Proliferation of Surveillance Systems

Automatic license plate readers, known as ALPRs, are now virtually everywhere. They are installed on police cars, placed at intersections, and integrated into streetlights across the country. Florida, in response to the growing prevalence of this technology, recently passed updated legislation targeting those who obscure license plates or hinder their visibility.

The law includes wording regarding devices that prevent recording systems from capturing the plate. In other words, a very clever anti-ALPR tool could now land Florida drivers in jail… and most people probably wouldn’t be able to spot it without help.

Technology That Tricks AI

This refers to technology by musician and engineer Benn Jordan, who recently demonstrated a minimalist sticker with small dots designed to confuse ALPR cameras without obscuring the plate in the traditional sense. To the human eye, the plate remains completely legible.

The numbers, letters, layout—everything appears normal. Even images from ALPR cameras show a fully legible license plate. But that’s not the point.

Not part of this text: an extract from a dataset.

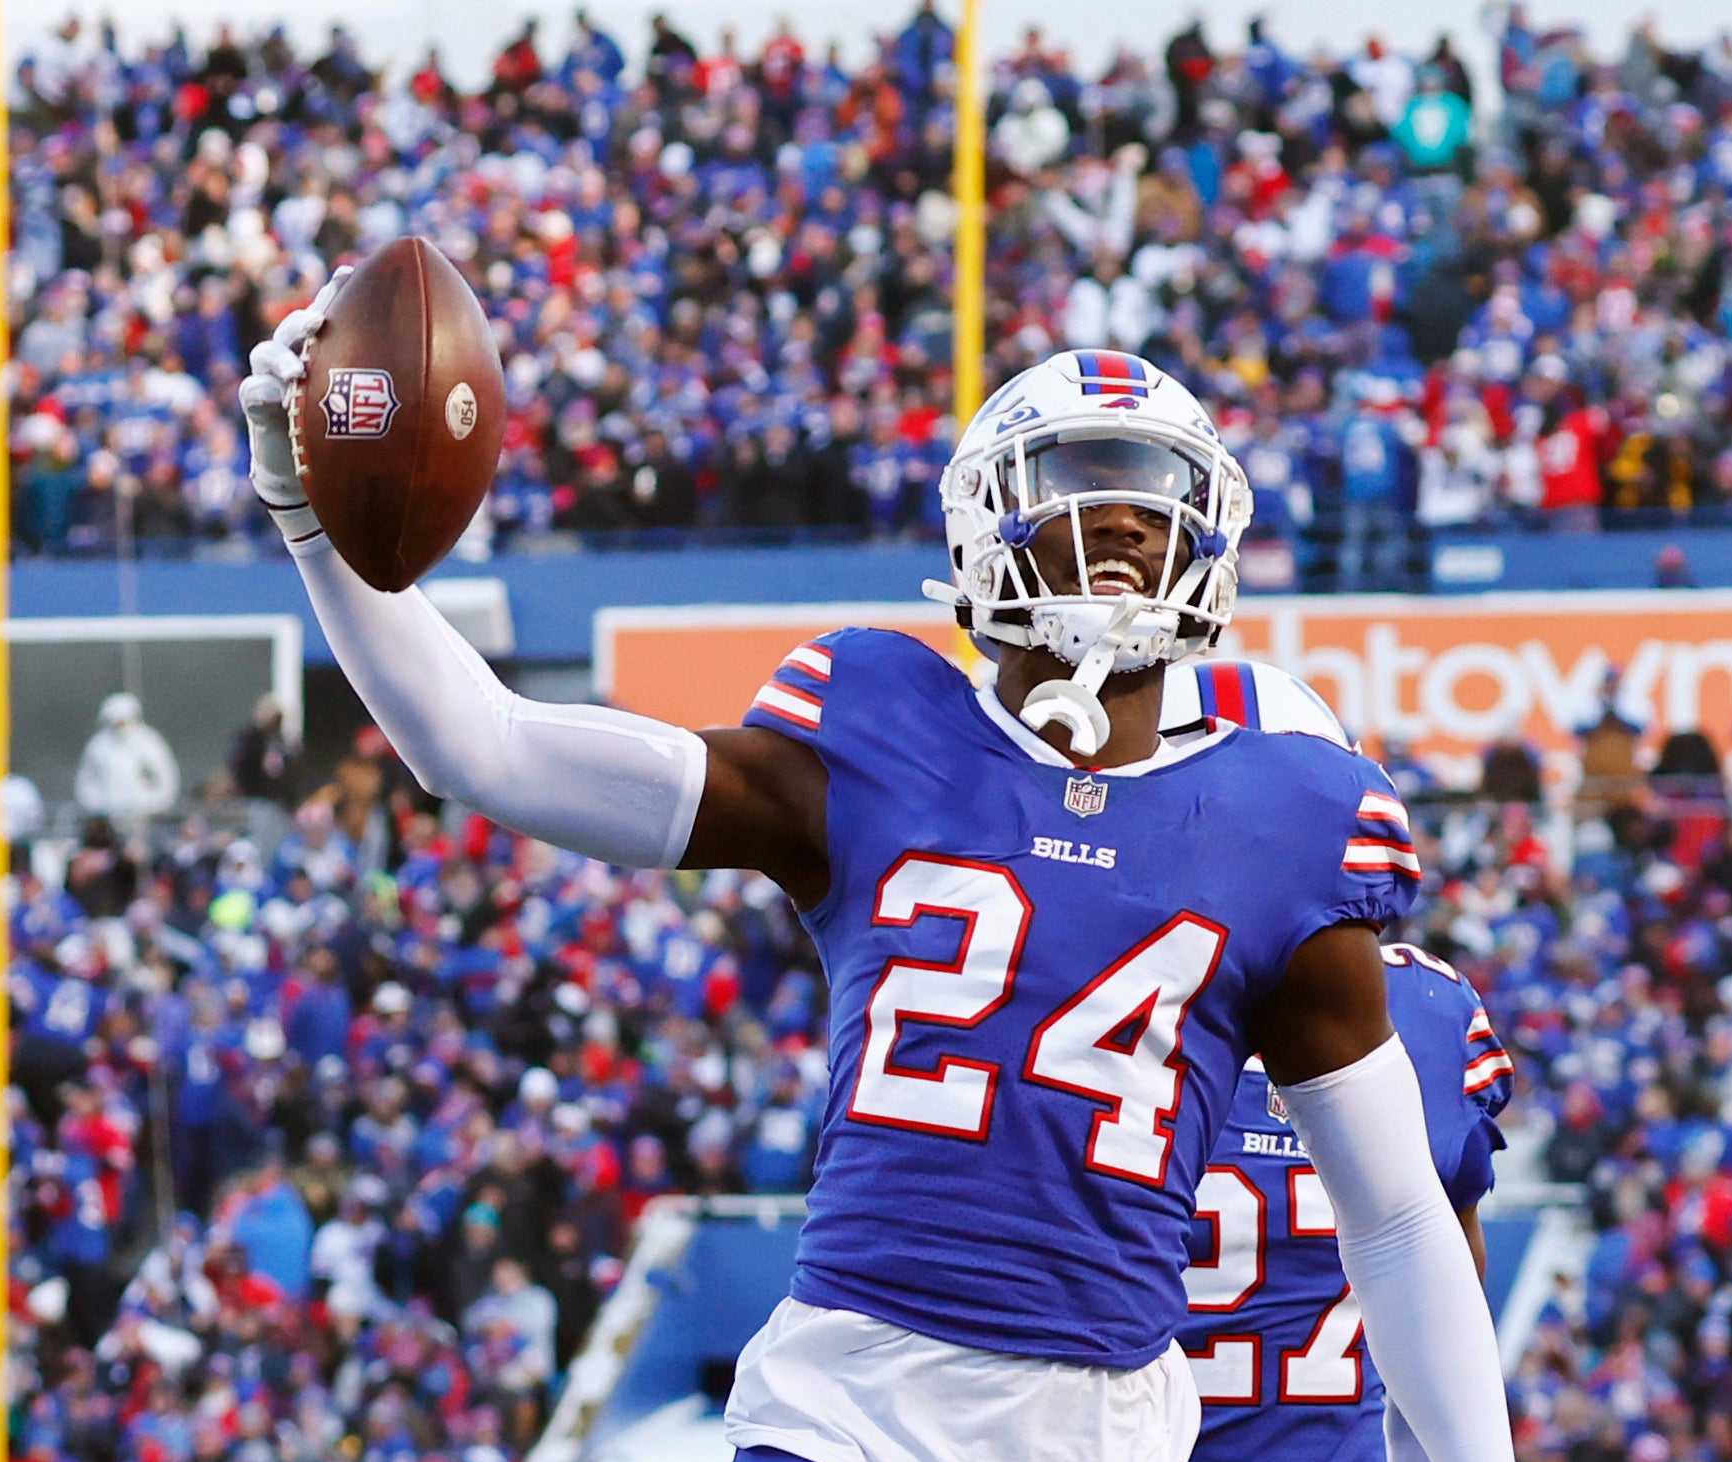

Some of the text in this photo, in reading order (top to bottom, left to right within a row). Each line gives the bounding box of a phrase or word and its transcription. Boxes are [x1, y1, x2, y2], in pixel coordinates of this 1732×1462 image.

[1030, 836, 1117, 870] BILLS
[846, 849, 1230, 1189] 24
[1186, 1164, 1364, 1407] 27

License plate with sticker that tricks AI cameras

How the System Sees the Trick

What matters is how the AI sees it. The strategically placed dots exploit features of machine learning image classification. Instead of identifying the object as a license plate worth recording, the AI often classifies it as something else entirely and skips the recording altogether.

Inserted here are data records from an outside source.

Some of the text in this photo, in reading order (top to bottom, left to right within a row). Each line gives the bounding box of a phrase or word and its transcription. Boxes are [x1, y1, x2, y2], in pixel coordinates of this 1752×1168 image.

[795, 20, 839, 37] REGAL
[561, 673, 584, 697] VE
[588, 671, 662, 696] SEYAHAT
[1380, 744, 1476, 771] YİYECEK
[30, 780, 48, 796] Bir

According to Florida’s new law, a license plate obscuring device is considered any manual, electronic, or mechanical device that interferes with the legibility, angular visibility, detection, or ability to record any feature of the license plate. Importantly, the statute is not limited to human readability. It explicitly includes interference with the operation of recording systems. This is where Jordan’s sticker becomes legally problematic.

Criticism of the Law’s Broad Wording

Critic and right-to-repair advocate Louis Rossmann immediately pointed out how broad and potentially dangerous this language is. Criticizing the law, Rossmann argued that Florida has effectively criminalized tools that challenge surveillance infrastructure, even when they don’t hinder a human from identifying the vehicle and are not used to commit a crime.

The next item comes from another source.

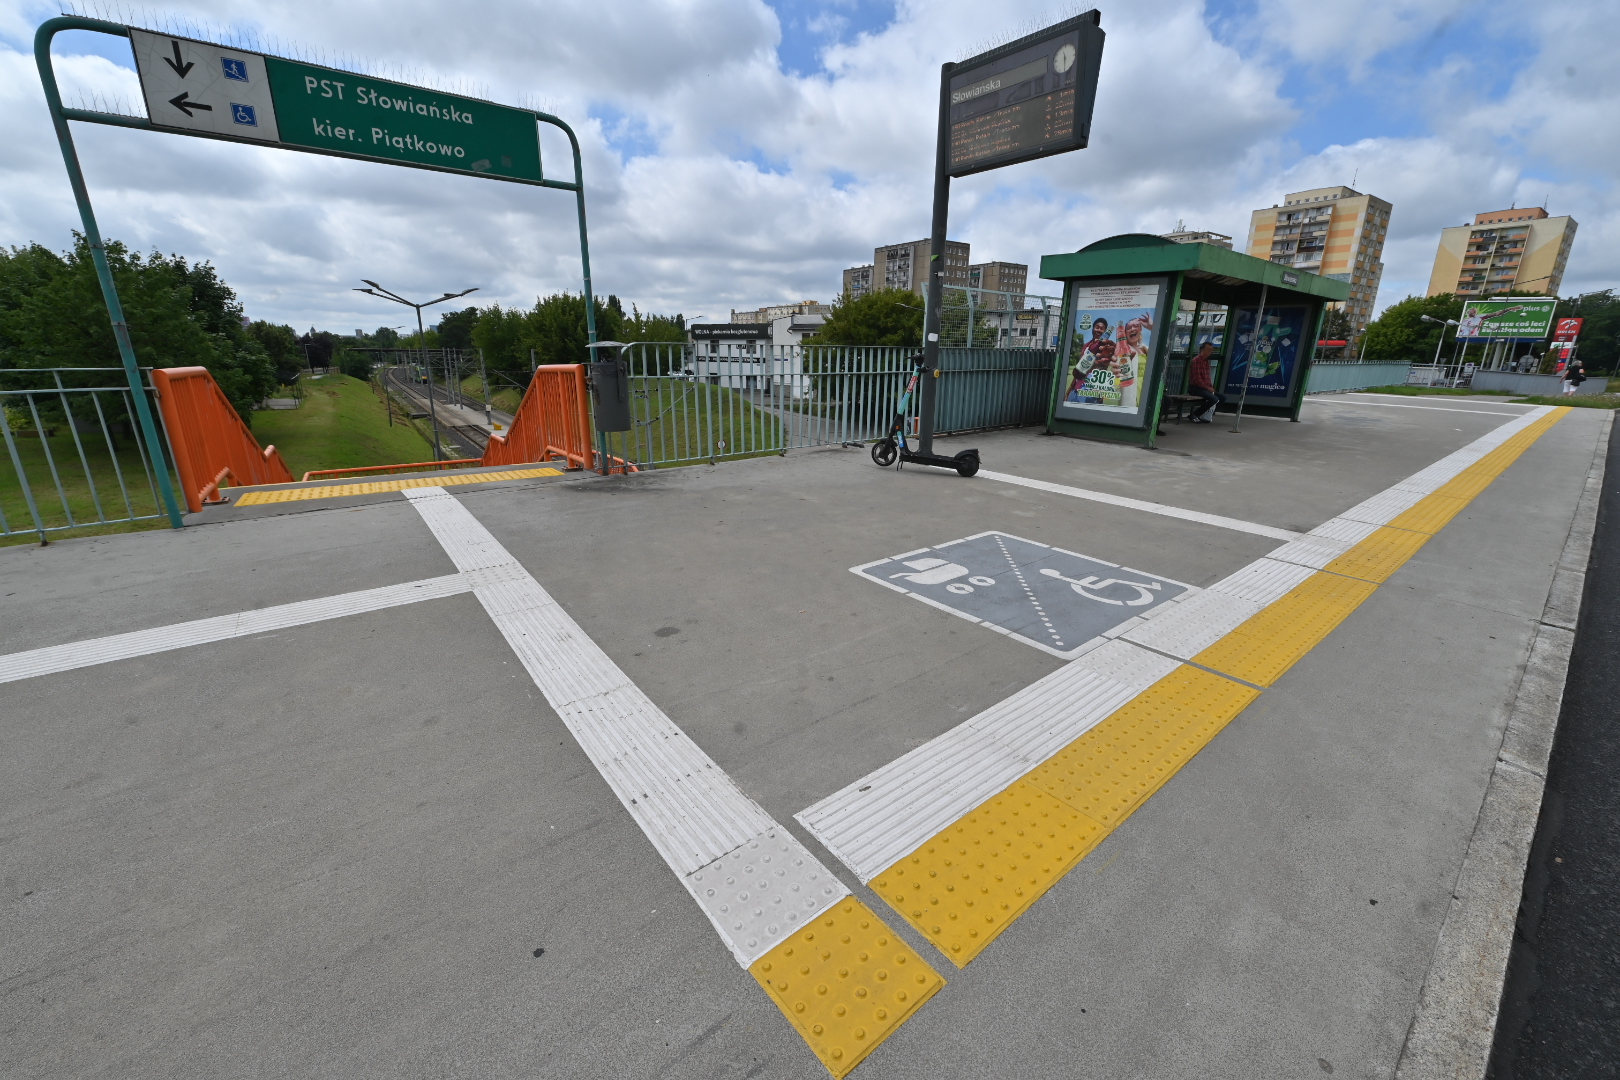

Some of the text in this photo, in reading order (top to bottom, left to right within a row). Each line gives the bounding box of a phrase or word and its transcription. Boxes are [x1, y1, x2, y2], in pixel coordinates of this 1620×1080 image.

[304, 76, 473, 125] PST Słowiańska
[312, 117, 466, 158] kier. Piątkowo
[1090, 369, 1115, 386] 30%

Nevertheless, anyone using a tool like the one Jordan created could end up in jail just as if they were breaking traffic rules while driving under the influence.

Priority on Protecting Systems, Not Intent

Jordan’s sticker does not flip license plates, hide digits, or apply reflective coatings. It does not change the color or layout of the plate. It simply shows that ALPR systems rely on fragile pattern recognition, and Florida’s law appears to prioritize protecting these systems over intent, harm, or human legibility.

It’s unclear whether Florida legislators intended to ban machine learning vulnerability tests. However, it is evident that the law’s language is broad enough to encompass them anyway… even if most people wouldn’t even notice anything on the license plate.

This situation points to a deeper trend where legislation attempts to keep pace with technological innovation, sometimes creating overly broad frameworks that can affect not only malicious actors but also those simply demonstrating system vulnerabilities. Banning tools that don’t hinder humans but affect algorithms raises the question of what should be the primary criterion for legality: a human’s ability to identify an object or a machine’s ability to scan it. Similar laws could have significant implications for security researchers who discover flaws in government-used surveillance systems.